The Dorothy Hodgkin Post Graduate Awards is a UK scheme to bring outstanding students from Brazil, China, Hong Kong, India, Russia, South Africa and the developing world to the UK to study for PhDs at UK research facilities.

 

SHL and DHPA

SHL in a bid made jointly with the University of Sheffield was successful in obtaining one of the prestigious Dorothy Hodgkin Postgraduate Awards (DHPA).  SHL part funds a PhD student with funding also coming from the Economic and Social Research Council.
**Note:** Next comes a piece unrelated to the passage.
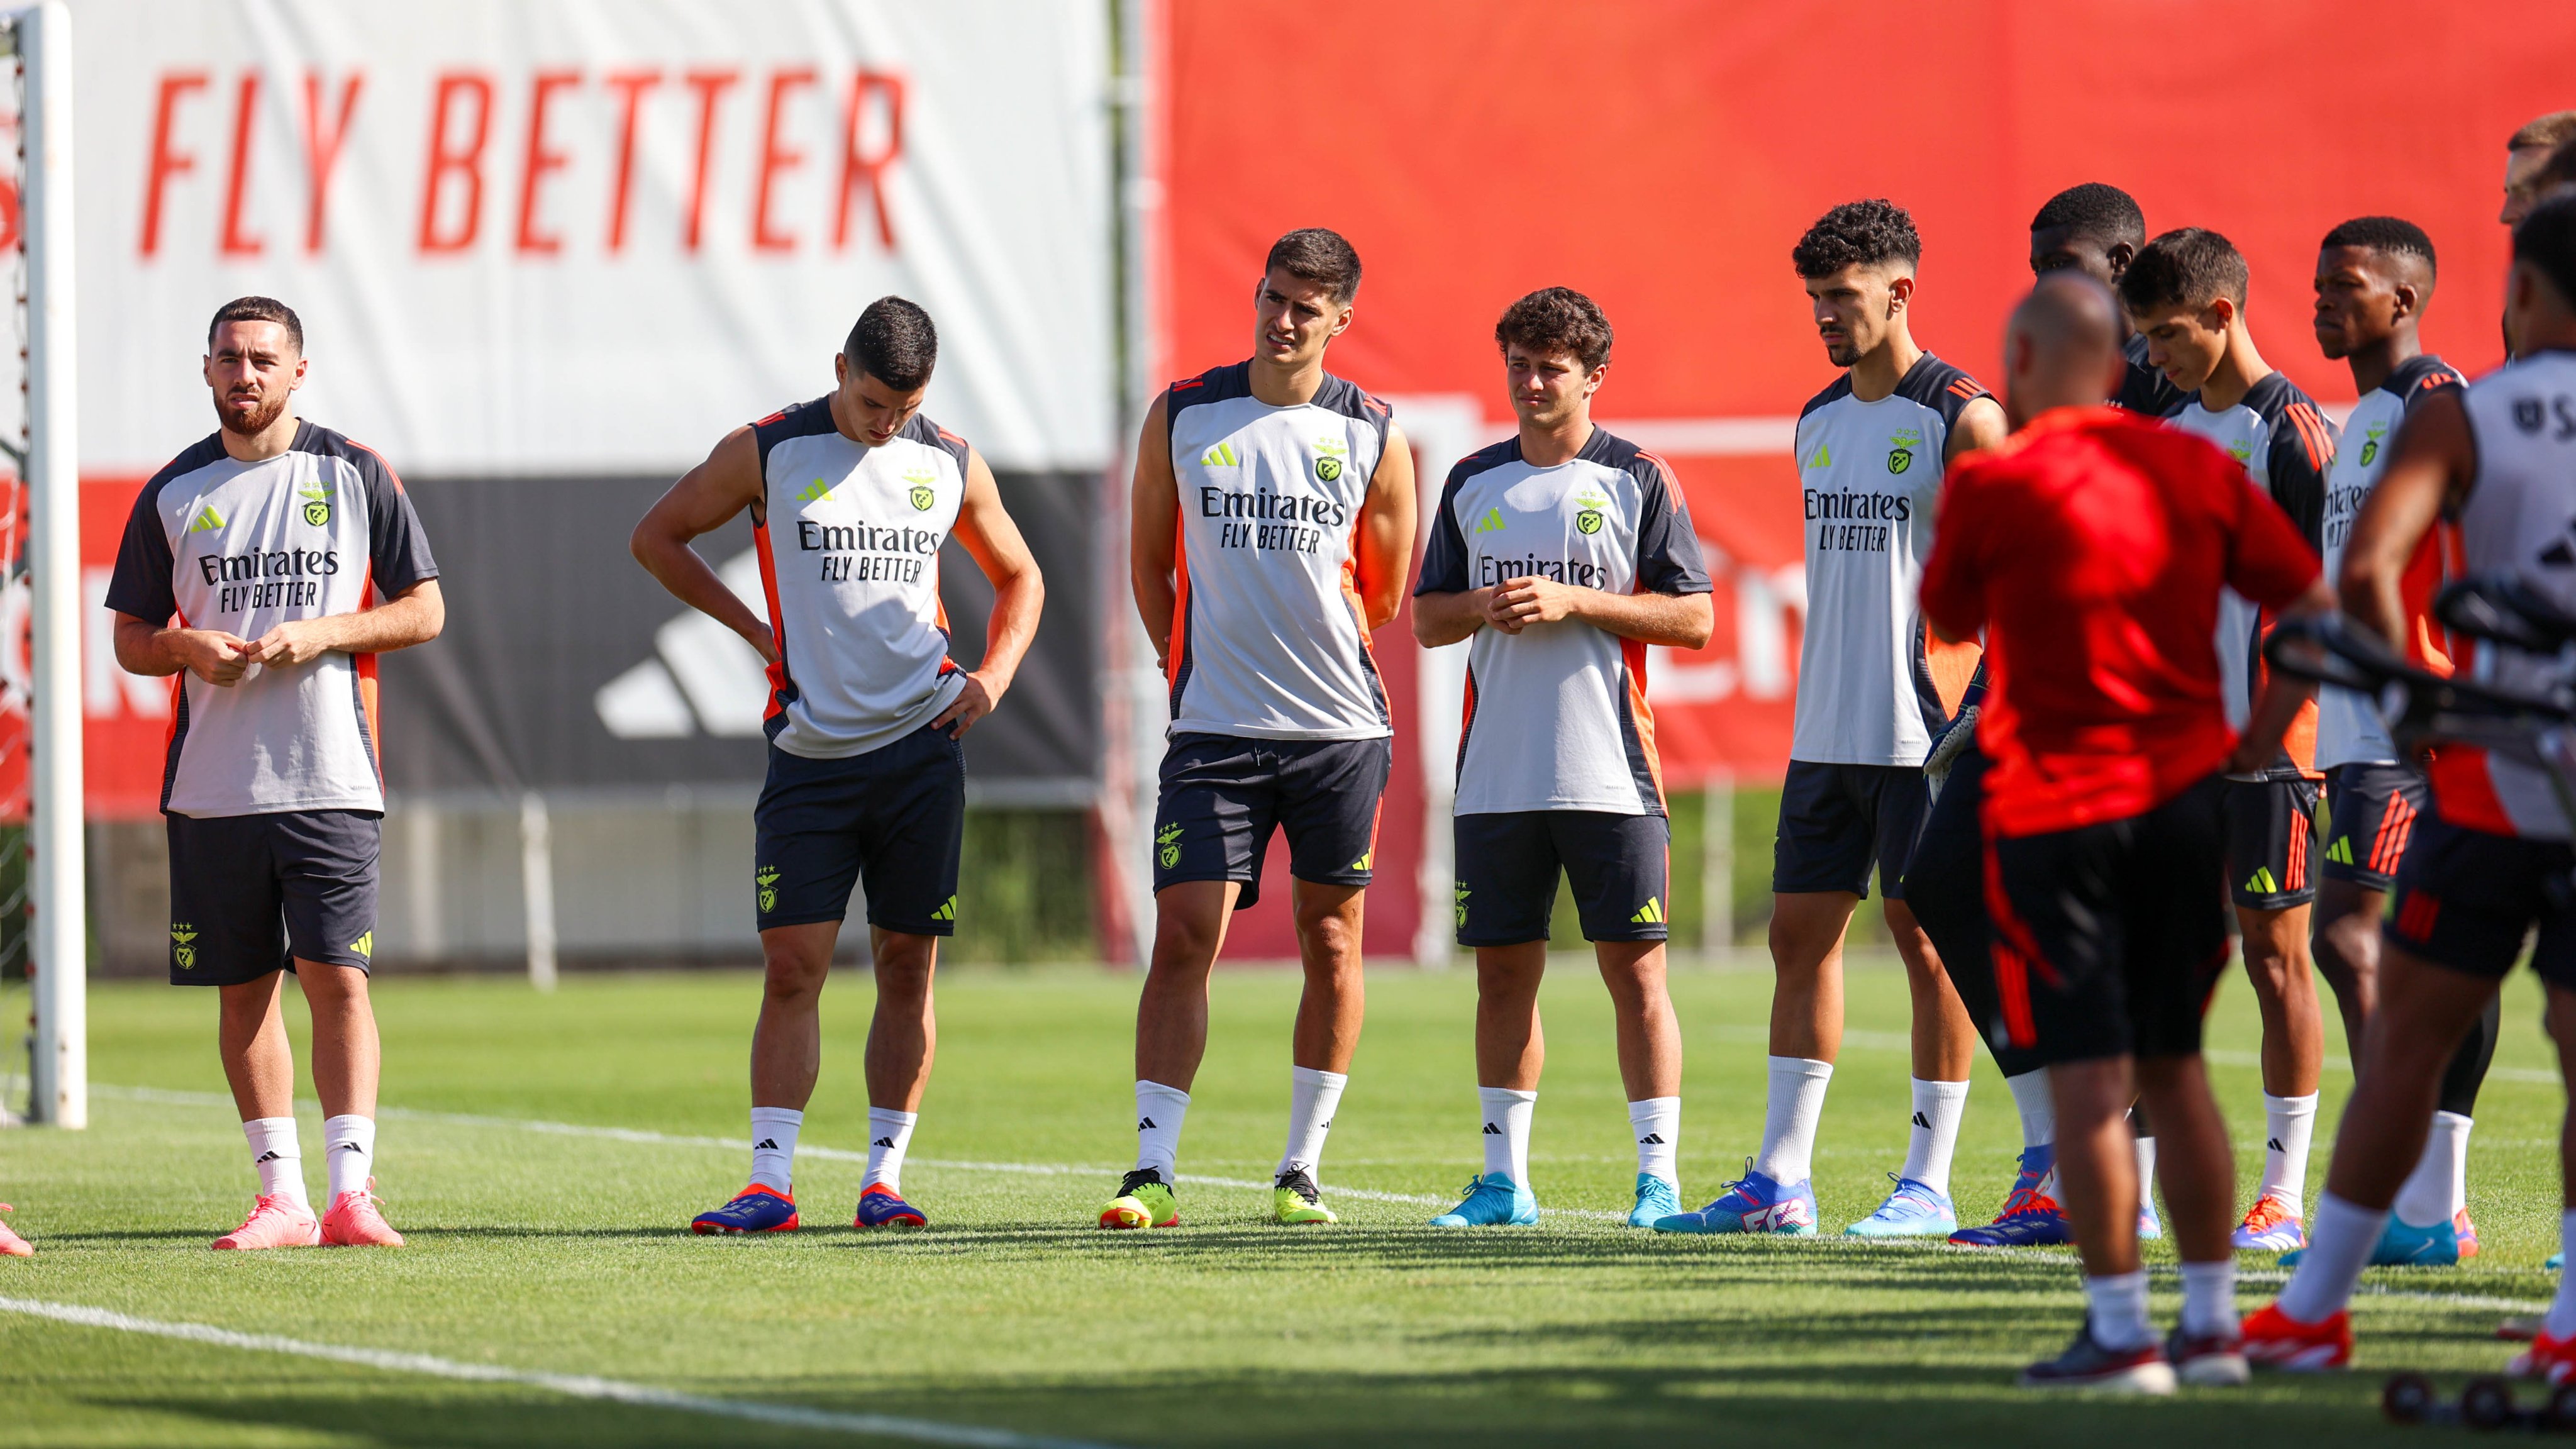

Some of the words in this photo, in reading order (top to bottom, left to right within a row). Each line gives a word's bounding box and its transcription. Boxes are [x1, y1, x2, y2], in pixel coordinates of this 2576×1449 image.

The initiative was launched by the Prime Minister in November 2003 and the 2008 tranche of awards provided funding for 87 new PhD students.

 Read more about SHL's involvement with this award

The awards are named after Dorothy Hodgkin, who was only the third woman to be awarded the Nobel Prize in Chemistry and was involved in a wide range of peace and humanitarian causes until her death in 1994.

 A short biography of Dorothy Hodgkin

Born in Cairo in 1910, Dorothy Crowfoot became interested in chemistry and crystals at an early age. After attending a small class run by the Parents’ National Educational Union, Dorothy  set up a laboratory at home where she carried out experiments with materials bought from the local pharmacist.


After leaving school in 1928, Dorothy studied at Somerville College, Oxford where she quickly established her reputation as an exceptional student. While in Oxford she became particularly interested in the study of crystals and decided to concentrate her research on X-ray crystallography.


After graduating from Oxford, with a first class honours, Dorothy spent 2 years at Cambridge where she assisted John Desmond Bernal in recording the first X-ray diffraction pattern from a protein crystal, the digestive enzyme pepsin.
She returned to Oxford in 1934 where she continued her research. She set up her own X-ray equipment in a new laboratory in the University Museum where she was able to crystallise and X-ray photograph insulin and, in 1955, took the first X-ray diffraction photographs of vitamin B-12.


Dorothy became a university lecturer and demonstrator at Oxford in 1946 and a reader in X-ray crystallography in 1956. As her reputation in the field of crystallography became more established the honours quickly followed. In 1947 she was elected a Fellow of the Royal Society for her work on penicillin. In 1956 she was presented with the Order of Merit by Queen Elizabeth II. Dorothy also became a foreign member of the Royal Netherlands Academy of Sciences in 1956 and of the American Academy of Arts and Sciences in 1958.


In 1964 she was awarded the Nobel Prize for Chemistry for her work on vitamin B-12, only the third woman ever to receive it. Her greatest scientific achievement was still to come and in 1969, 34 years after her research began, she discovered the three dimensional structure of the protein insulin.


Throughout her work Dorothy consistently pushed the boundaries of what was possible with the techniques and tools available. In 1976 her contribution was recognised by the Royal Society who presented her with the Copley medal, their most prestigious award. She was the first woman to receive it.


From 1976 to 1988 she was chair of the Pugwash Movement, a group of scientists who believe that scientific knowledge must be utilised in a constructive way, beyond the interests of individual groups or countries, so that the achievements of science and technology work for global benefit.


In 1937, Dorothy married Thomas Hodgkin. She died in July 1994, as a result of a stroke, at her home in Shipston-on-Stour, England.